• [Work request] The expected result is a word-for-word copy of the entries, minus any pictures.

Saved entries
______

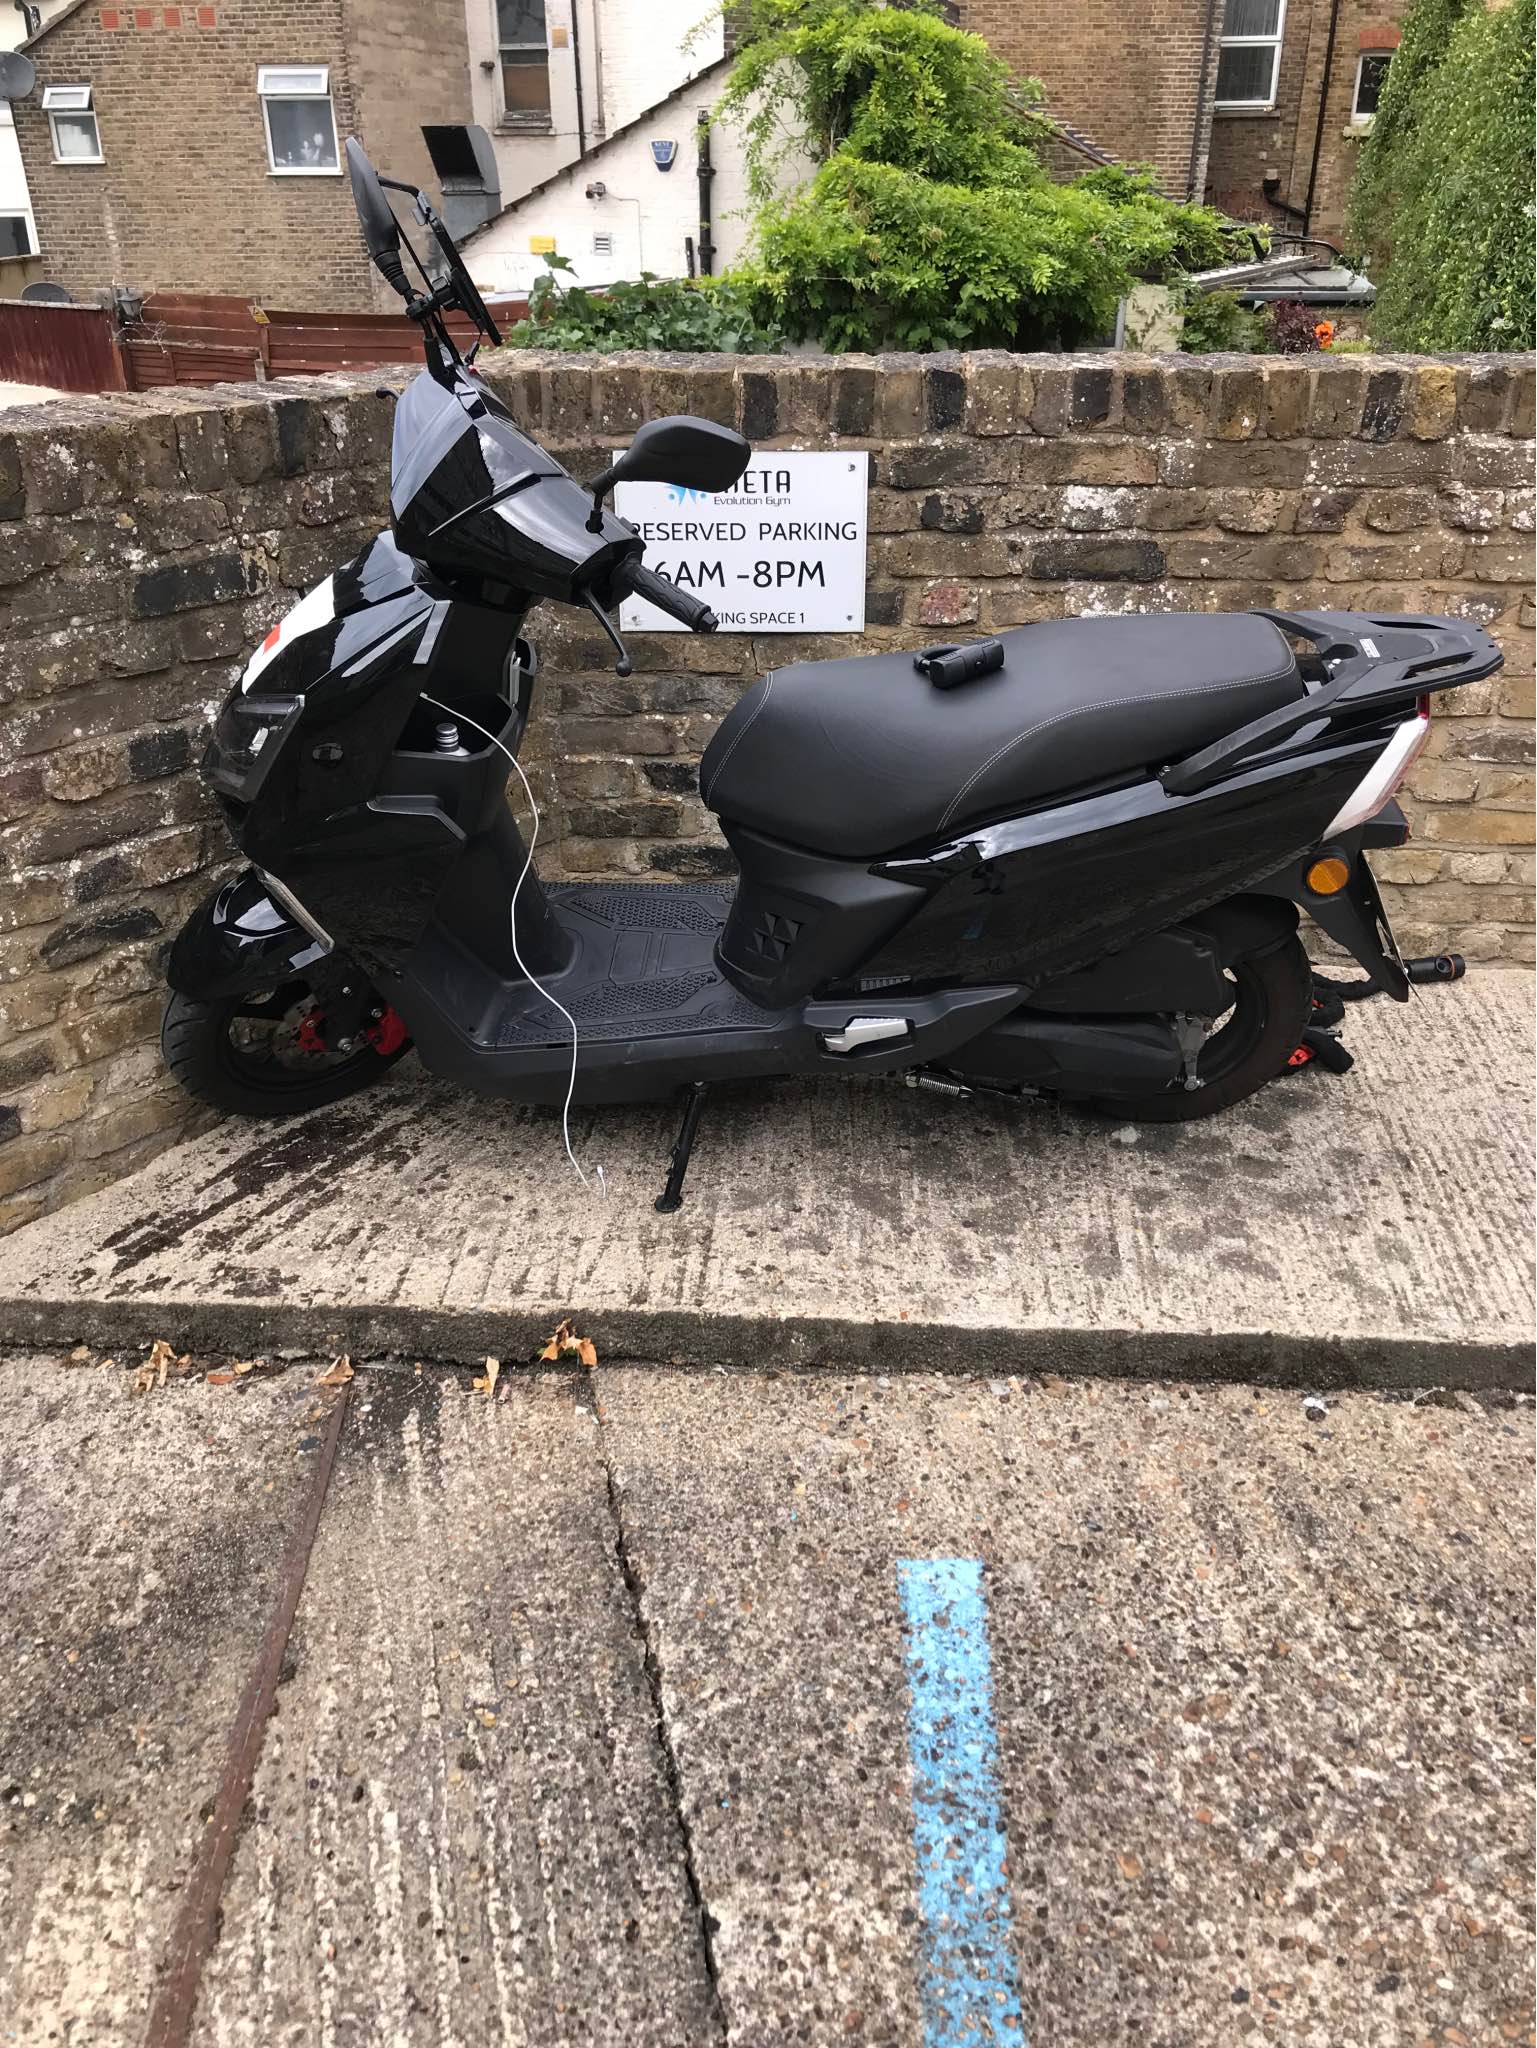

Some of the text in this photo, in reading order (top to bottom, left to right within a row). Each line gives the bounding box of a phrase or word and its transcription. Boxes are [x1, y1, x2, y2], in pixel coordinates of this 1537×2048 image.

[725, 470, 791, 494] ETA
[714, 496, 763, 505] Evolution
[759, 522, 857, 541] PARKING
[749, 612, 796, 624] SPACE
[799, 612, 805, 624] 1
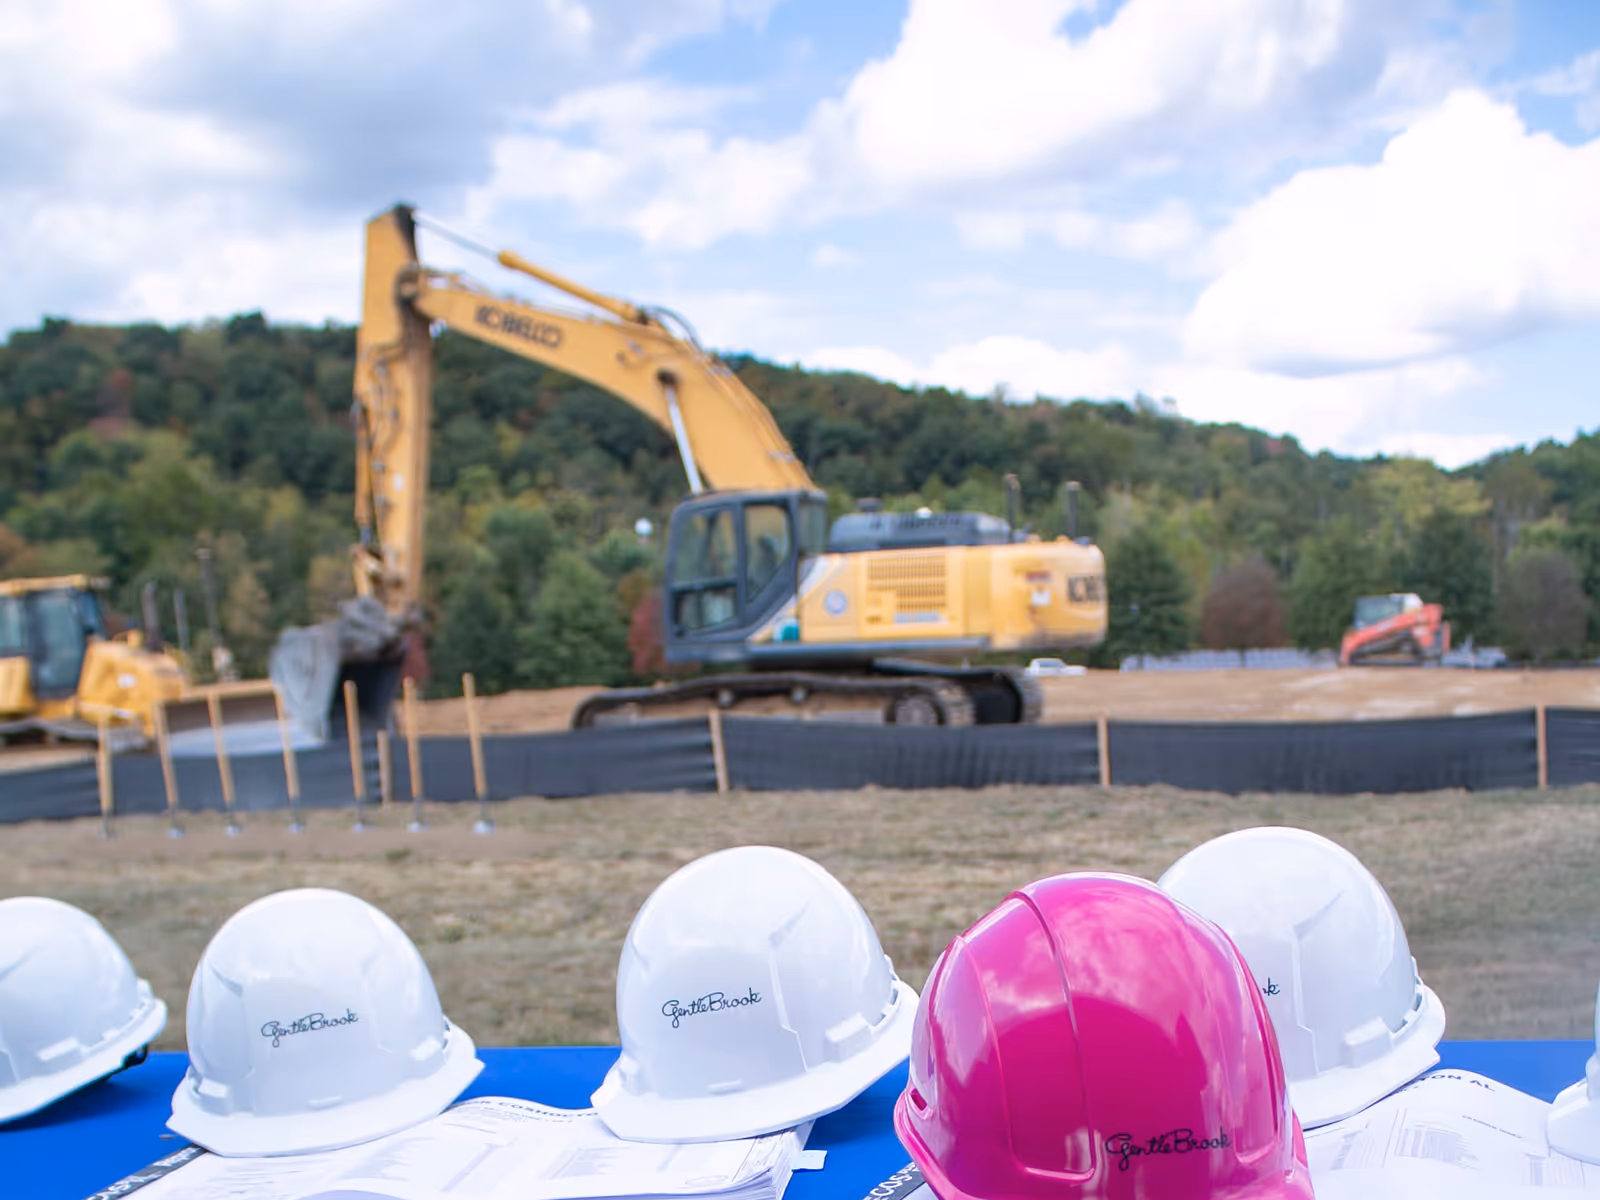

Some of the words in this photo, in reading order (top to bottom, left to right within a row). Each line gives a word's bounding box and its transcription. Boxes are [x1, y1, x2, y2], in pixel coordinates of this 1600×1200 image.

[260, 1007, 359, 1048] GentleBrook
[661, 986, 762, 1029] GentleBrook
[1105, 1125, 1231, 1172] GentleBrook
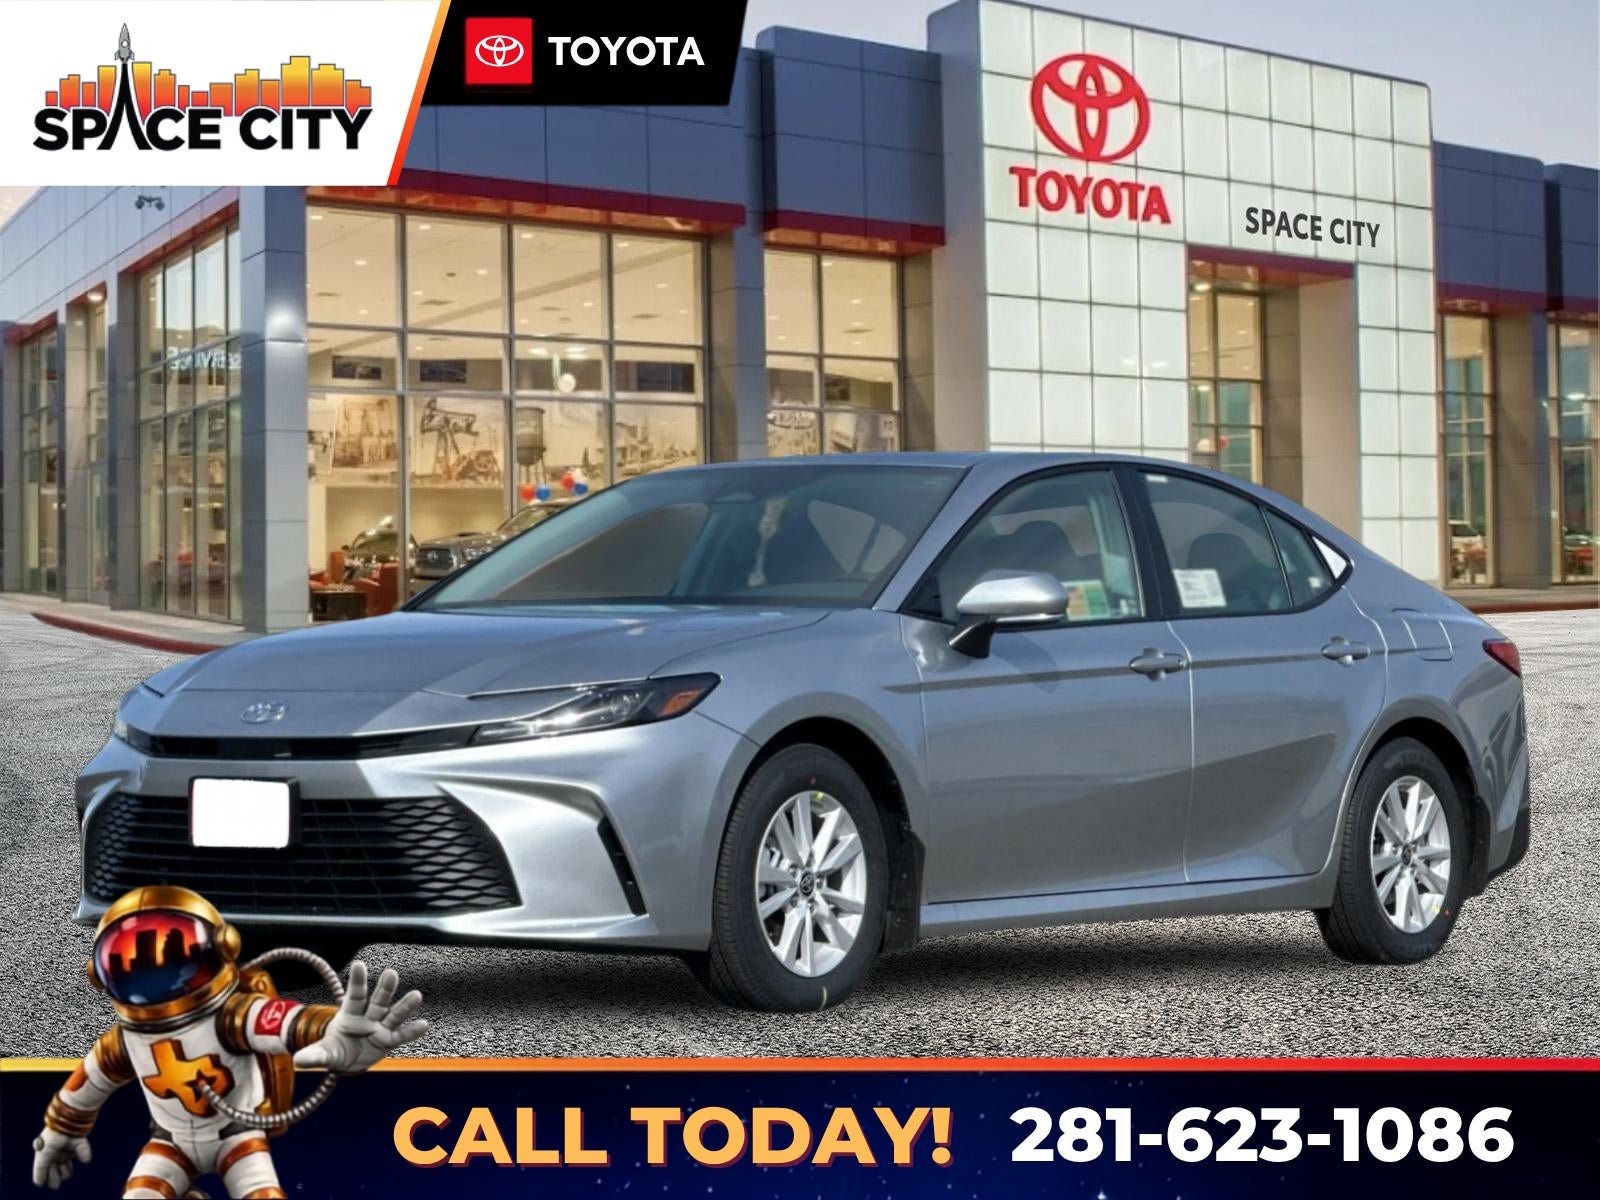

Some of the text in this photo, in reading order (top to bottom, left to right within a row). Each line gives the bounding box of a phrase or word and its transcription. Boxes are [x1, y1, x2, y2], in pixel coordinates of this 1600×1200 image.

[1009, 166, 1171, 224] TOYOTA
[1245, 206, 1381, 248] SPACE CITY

______

• [Task answer]
Some of the text in this photo, in reading order (top to bottom, left to right within a row). Each line gives the bounding box of a phrase or word and its transcription. Boxes are [x1, y1, x2, y2], in pixel coordinates of this 1537×2048 image.

[725, 470, 791, 494] ETA
[714, 496, 763, 505] Evolution
[759, 522, 857, 541] PARKING
[749, 612, 796, 624] SPACE
[799, 612, 805, 624] 1

Some of the words in this photo, in reading order (top to bottom, left to right within a row). Each line gives a word's bounding box and its transcription. Boxes are [x1, y1, x2, y2], in pixel coordinates of this 1600×1200 image.

[260, 1007, 359, 1048] GentleBrook
[661, 986, 762, 1029] GentleBrook
[1105, 1125, 1231, 1172] GentleBrook

Some of the text in this photo, in reading order (top to bottom, left to right within a row). Each line gives the bounding box of a phrase or word and its transcription. Boxes are [x1, y1, x2, y2], in pixel coordinates of this 1600×1200 image.

[1009, 166, 1171, 224] TOYOTA
[1245, 206, 1381, 248] SPACE CITY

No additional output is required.